(Spatial localization data)
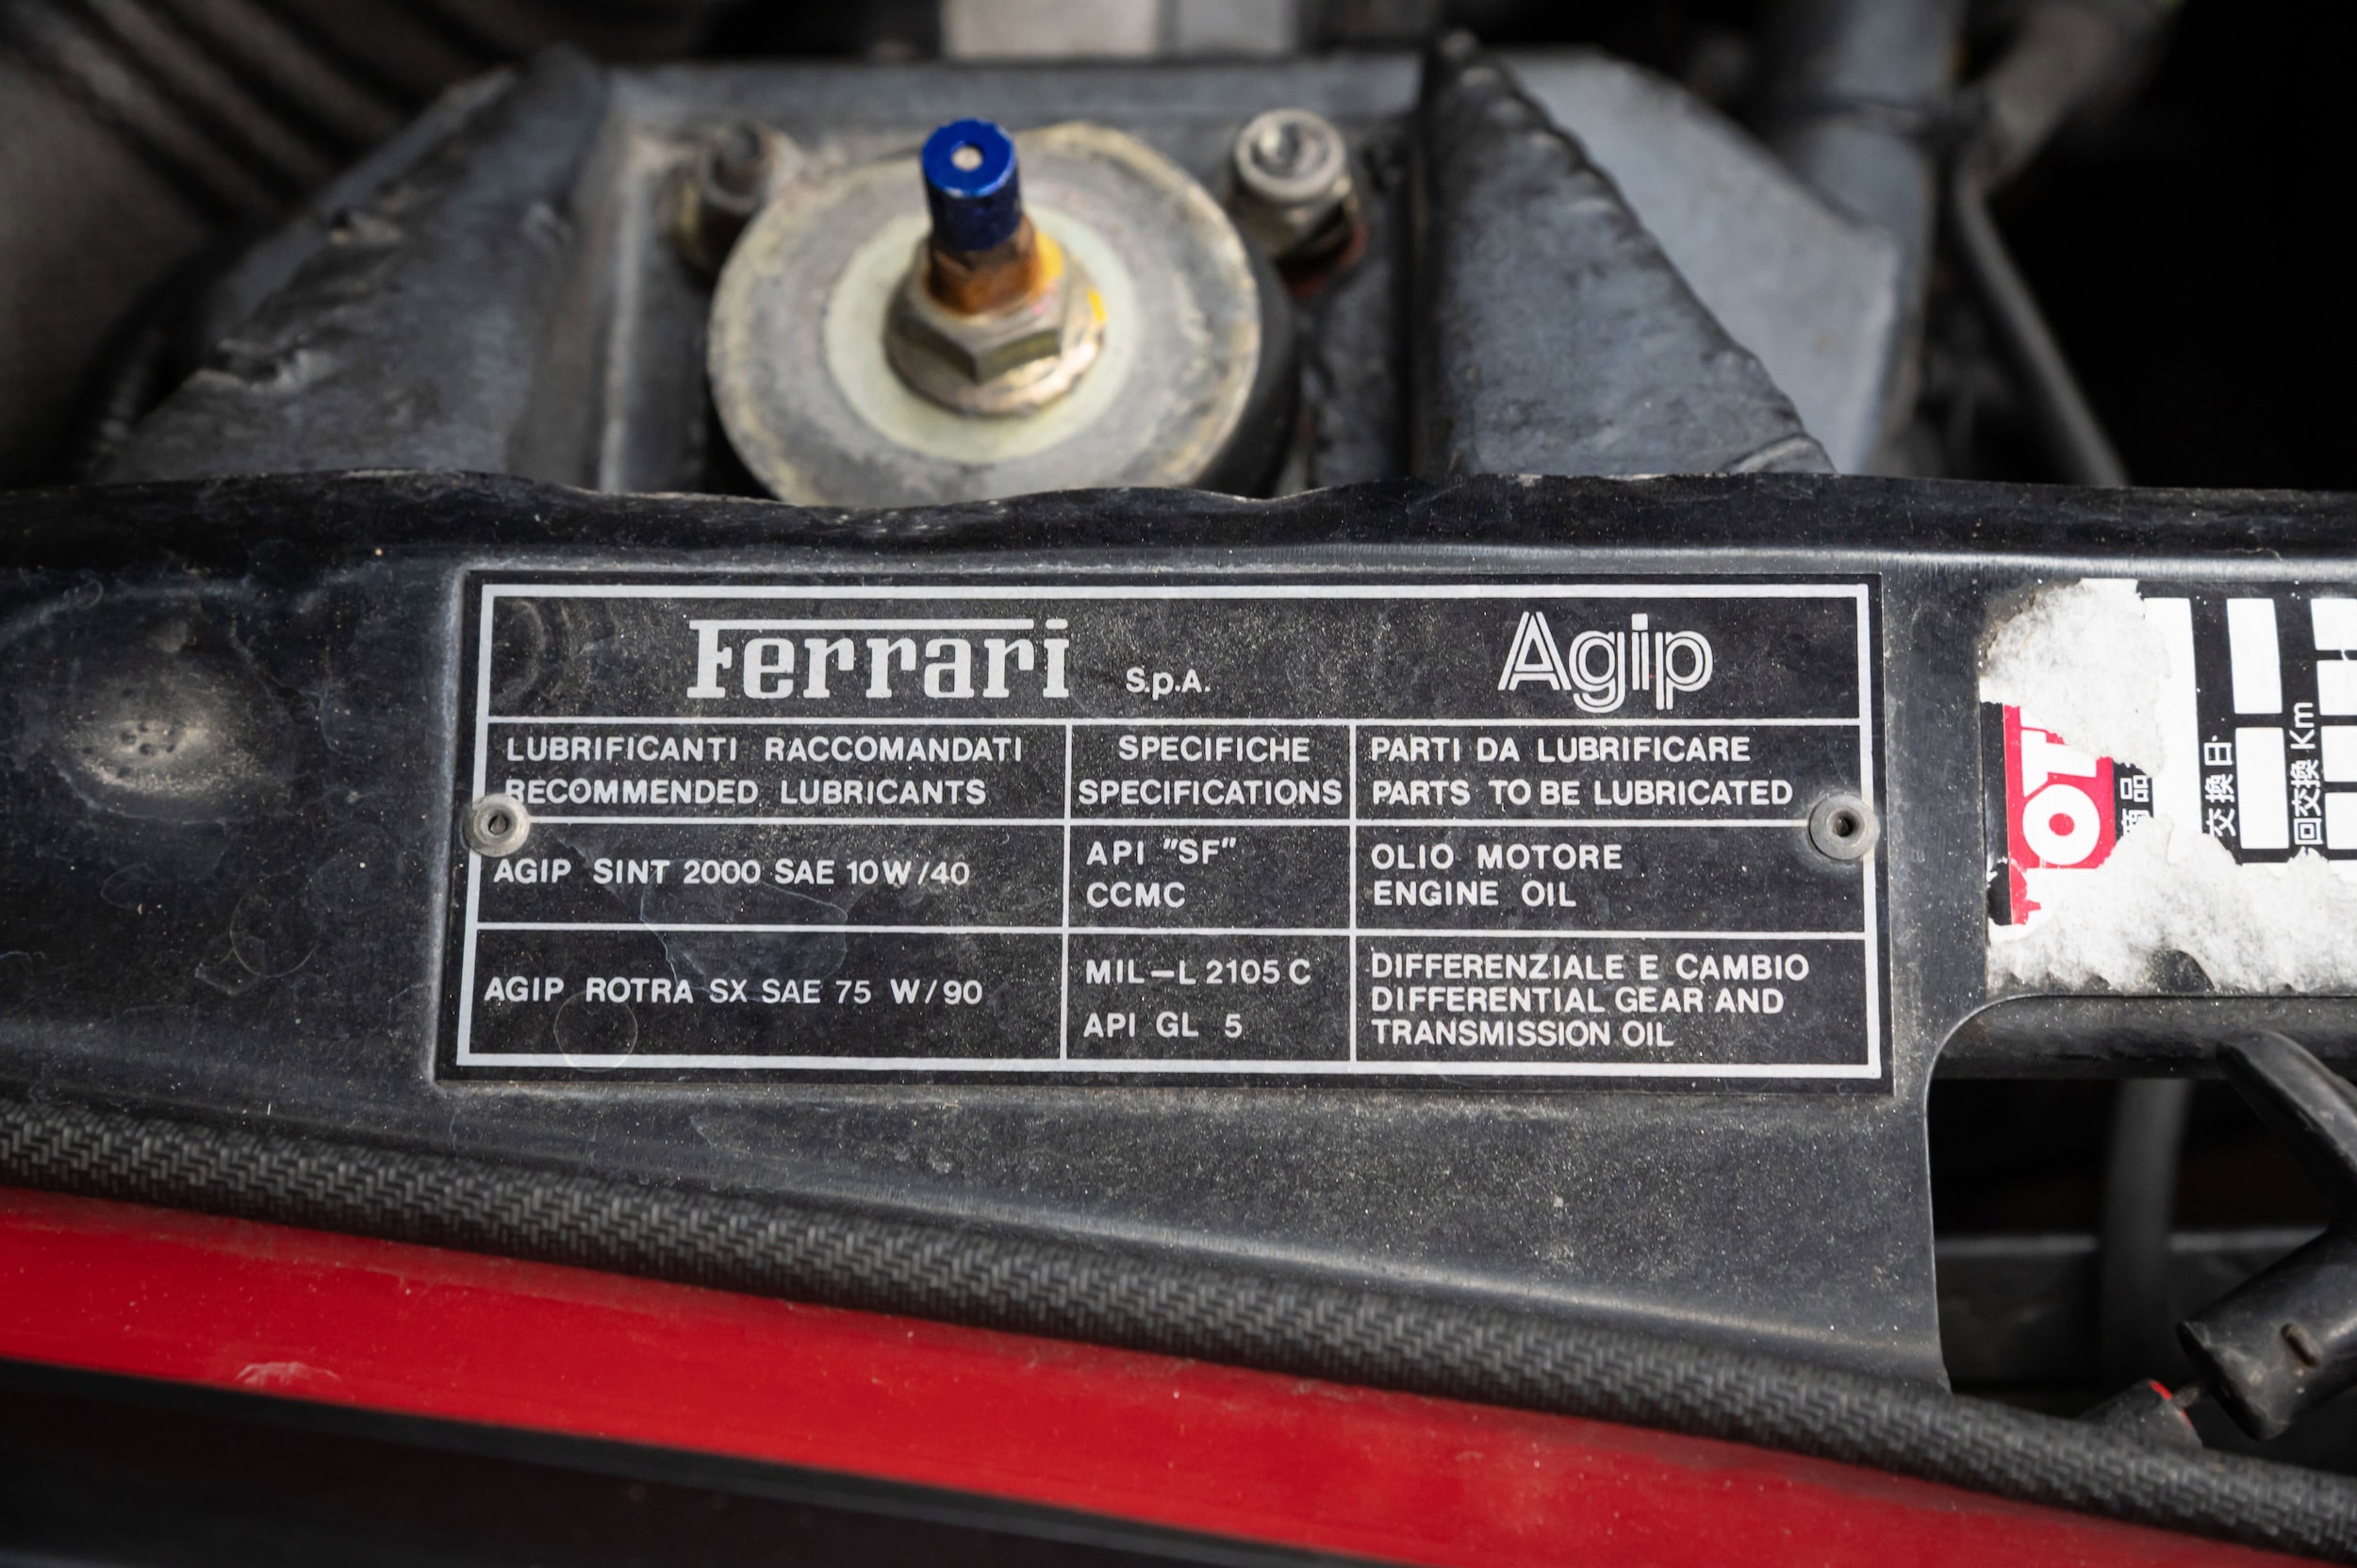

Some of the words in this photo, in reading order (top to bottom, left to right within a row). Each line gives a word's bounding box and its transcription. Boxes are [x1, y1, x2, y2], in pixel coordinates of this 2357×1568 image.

[686, 616, 1070, 700] Ferrari
[1126, 667, 1211, 701] S.p.A.
[1497, 611, 1713, 714] Agip
[2289, 701, 2316, 750] Km
[507, 734, 737, 762] LUBRIFICANTI
[765, 735, 1022, 763] RACCOMANDATI
[1118, 734, 1310, 763] SPECIFICHE
[1371, 734, 1460, 763] PARTI
[1476, 736, 1521, 763] DA
[1537, 735, 1751, 764] LUBRIFICARE
[504, 778, 759, 805] RECOMMENDED
[781, 778, 986, 805] LUBRICANTS
[1078, 778, 1343, 806] SPECIFICATIONS
[1372, 779, 1471, 807] PARTS
[1488, 778, 1532, 806] TO
[1540, 780, 1581, 806] BE
[1593, 779, 1793, 806] LUBRICATED
[2203, 741, 2236, 837] 交換日
[1086, 839, 1145, 866] API
[1371, 843, 1455, 870] OLIO
[1477, 843, 1623, 870] MOTORE
[493, 858, 571, 884] AGIP
[593, 858, 671, 884] SINT
[683, 859, 761, 884] 2000
[774, 858, 835, 884] SAE
[1086, 881, 1186, 909] CCMC
[1374, 880, 1499, 907] ENGINE
[1521, 880, 1577, 908] OIL
[1206, 959, 1280, 984] 2105
[1289, 958, 1311, 985] C
[1371, 951, 1625, 981] DIFFERENZIALE
[1639, 953, 1659, 981] E
[1674, 952, 1809, 984] CAMBIO
[484, 976, 565, 1002] AGIP
[585, 977, 694, 1004] ROTRA
[709, 978, 748, 1003] SX
[761, 978, 821, 1004] SAE
[835, 980, 871, 1004] 75
[1371, 985, 1606, 1014] DIFFERENTIAL
[1614, 985, 1704, 1014] GEAR
[1714, 987, 1785, 1015] AND
[1083, 1012, 1136, 1038] API
[1156, 1011, 1199, 1038] GL
[1224, 1013, 1243, 1038] 5
[1371, 1016, 1611, 1048] TRANSMISSION
[1622, 1019, 1675, 1048] OIL

### ACTIVITY
All the records above must be retyped exactly, except for their pictures.

### THE COMPLETED TASK
Some of the words in this photo, in reading order (top to bottom, left to right within a row). Each line gives a word's bounding box and its transcription. Boxes are [x1, y1, x2, y2], in pixel coordinates of this 2357×1568 image.

[686, 616, 1070, 700] Ferrari
[1126, 667, 1211, 701] S.p.A.
[1497, 611, 1713, 714] Agip
[2289, 701, 2316, 750] Km
[507, 734, 737, 762] LUBRIFICANTI
[765, 735, 1022, 763] RACCOMANDATI
[1118, 734, 1310, 763] SPECIFICHE
[1371, 734, 1460, 763] PARTI
[1476, 736, 1521, 763] DA
[1537, 735, 1751, 764] LUBRIFICARE
[504, 778, 759, 805] RECOMMENDED
[781, 778, 986, 805] LUBRICANTS
[1078, 778, 1343, 806] SPECIFICATIONS
[1372, 779, 1471, 807] PARTS
[1488, 778, 1532, 806] TO
[1540, 780, 1581, 806] BE
[1593, 779, 1793, 806] LUBRICATED
[2203, 741, 2236, 837] 交換日
[1086, 839, 1145, 866] API
[1371, 843, 1455, 870] OLIO
[1477, 843, 1623, 870] MOTORE
[493, 858, 571, 884] AGIP
[593, 858, 671, 884] SINT
[683, 859, 761, 884] 2000
[774, 858, 835, 884] SAE
[1086, 881, 1186, 909] CCMC
[1374, 880, 1499, 907] ENGINE
[1521, 880, 1577, 908] OIL
[1206, 959, 1280, 984] 2105
[1289, 958, 1311, 985] C
[1371, 951, 1625, 981] DIFFERENZIALE
[1639, 953, 1659, 981] E
[1674, 952, 1809, 984] CAMBIO
[484, 976, 565, 1002] AGIP
[585, 977, 694, 1004] ROTRA
[709, 978, 748, 1003] SX
[761, 978, 821, 1004] SAE
[835, 980, 871, 1004] 75
[1371, 985, 1606, 1014] DIFFERENTIAL
[1614, 985, 1704, 1014] GEAR
[1714, 987, 1785, 1015] AND
[1083, 1012, 1136, 1038] API
[1156, 1011, 1199, 1038] GL
[1224, 1013, 1243, 1038] 5
[1371, 1016, 1611, 1048] TRANSMISSION
[1622, 1019, 1675, 1048] OIL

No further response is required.